Elizabeth flushed, somewhat guilty. “Well–he asked for it. I only told him the truth–that she’s a natural disaster and has a long list of victims in her path and there might have been something about her being trash in nice clothing but I didn’t get into specifics–oh, except for the part about her driving AJ to his death and destroying a few lives, but really–no details.”

“Well, I’m glad you left out the play by play. You don’t have to trash Carly for me,” Robin reached for her purse.

“Oh, I know, but it’s so much fun,” Elizabeth smirked. “Did you tell him about Noah?”

“Yes, and it was spectacularly bad,” Robin muttered. “That’ll teach me to be the better person and try to be compassionate. He snapped at me and then he tried to apologize and explain the Carly thing–like I really need to be told that there’s no commitment and he’ll date all the trashy blondes he wants.” She huffed. “What is it about her?”

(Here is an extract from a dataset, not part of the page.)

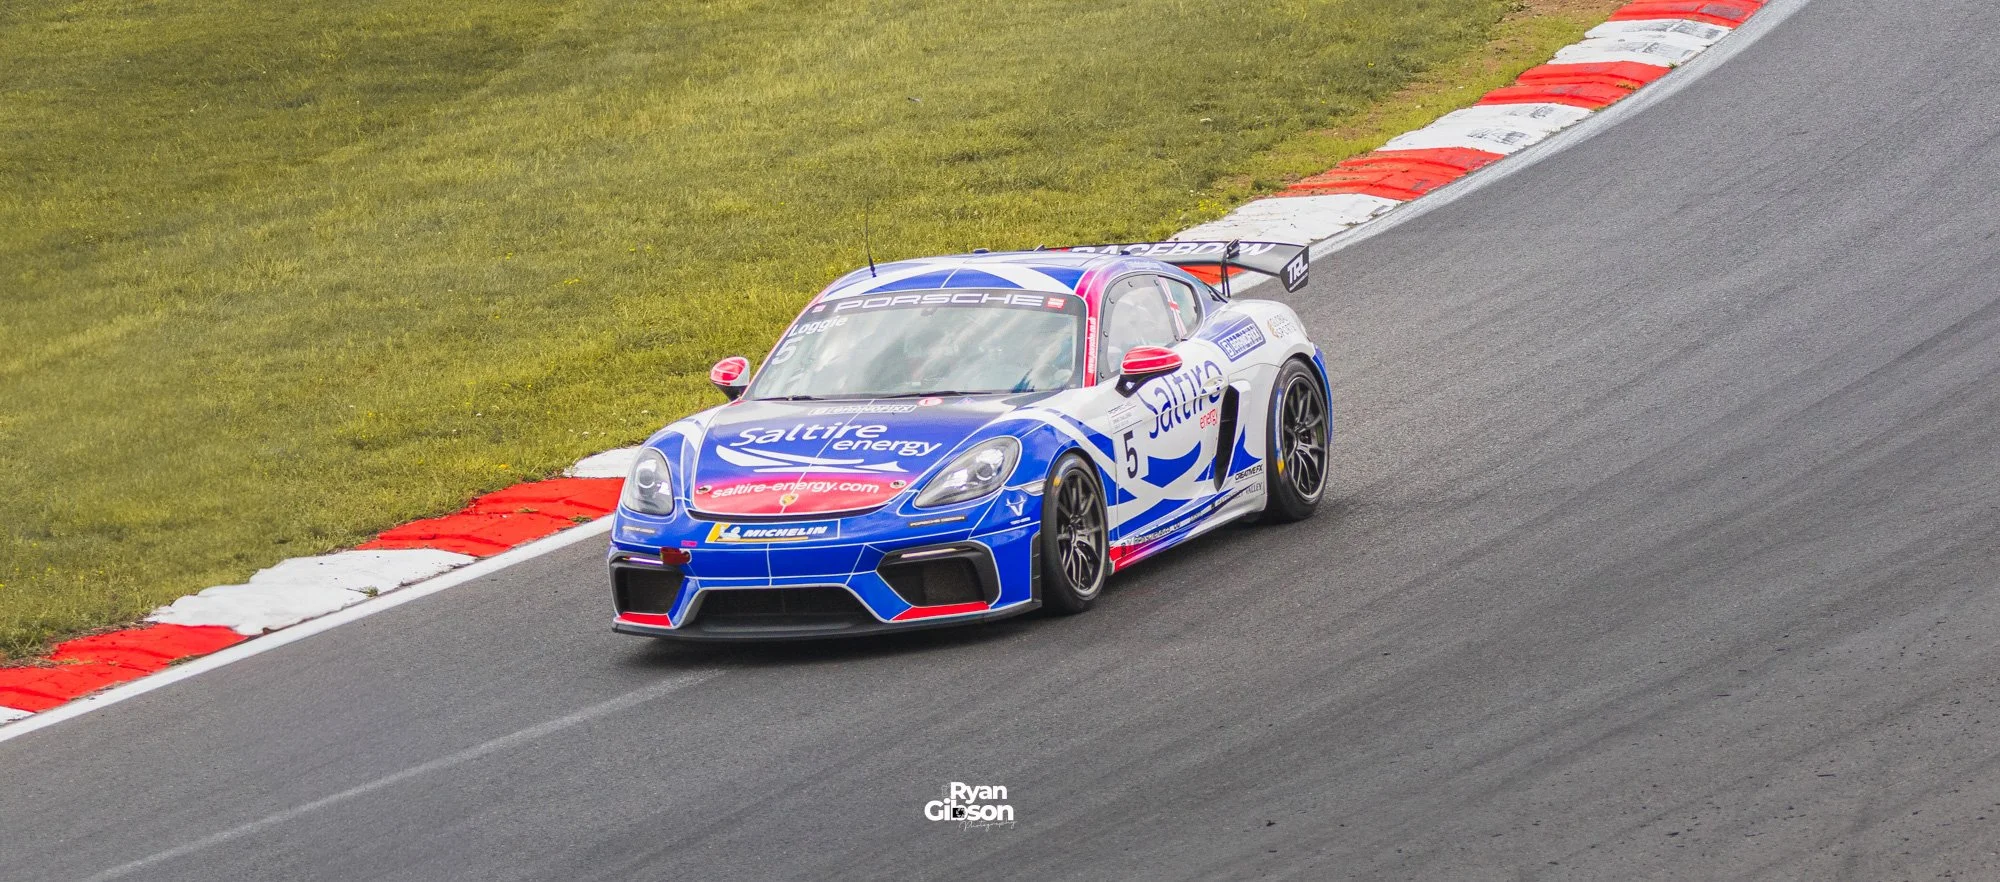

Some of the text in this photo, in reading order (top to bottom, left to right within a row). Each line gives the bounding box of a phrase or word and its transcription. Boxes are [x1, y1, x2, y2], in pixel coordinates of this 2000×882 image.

“What is it about blondes in general, I wonder?” Elizabeth leaned against her locker. “I’ve been tossed over by two different men for two different blondes in the span of six months. You begin to wonder–is it me or my taste in men?” She shrugged. “Look, he’s not worth the effort and she’ll be back to running Sonny’s life in a few weeks or so, there’s not much point in muttering over it.” Her eyes lit up. “Hey, Nikolas is just getting out of his relationship with Courtney–you guys used to be real close–”

“I do not have the energy for that right now,” Robin laughed. “And I think Nikolas has enough on his plate what with his ex-wife and his girlfriend. But I appreciate the thought. I am just…so over the whole men, dating and relationship phase of my life.”

“You know…when you decide you’re done with the whole idea of love and happily ever after,” Elizabeth remarked, “that’s usually when it bites you in the ass.”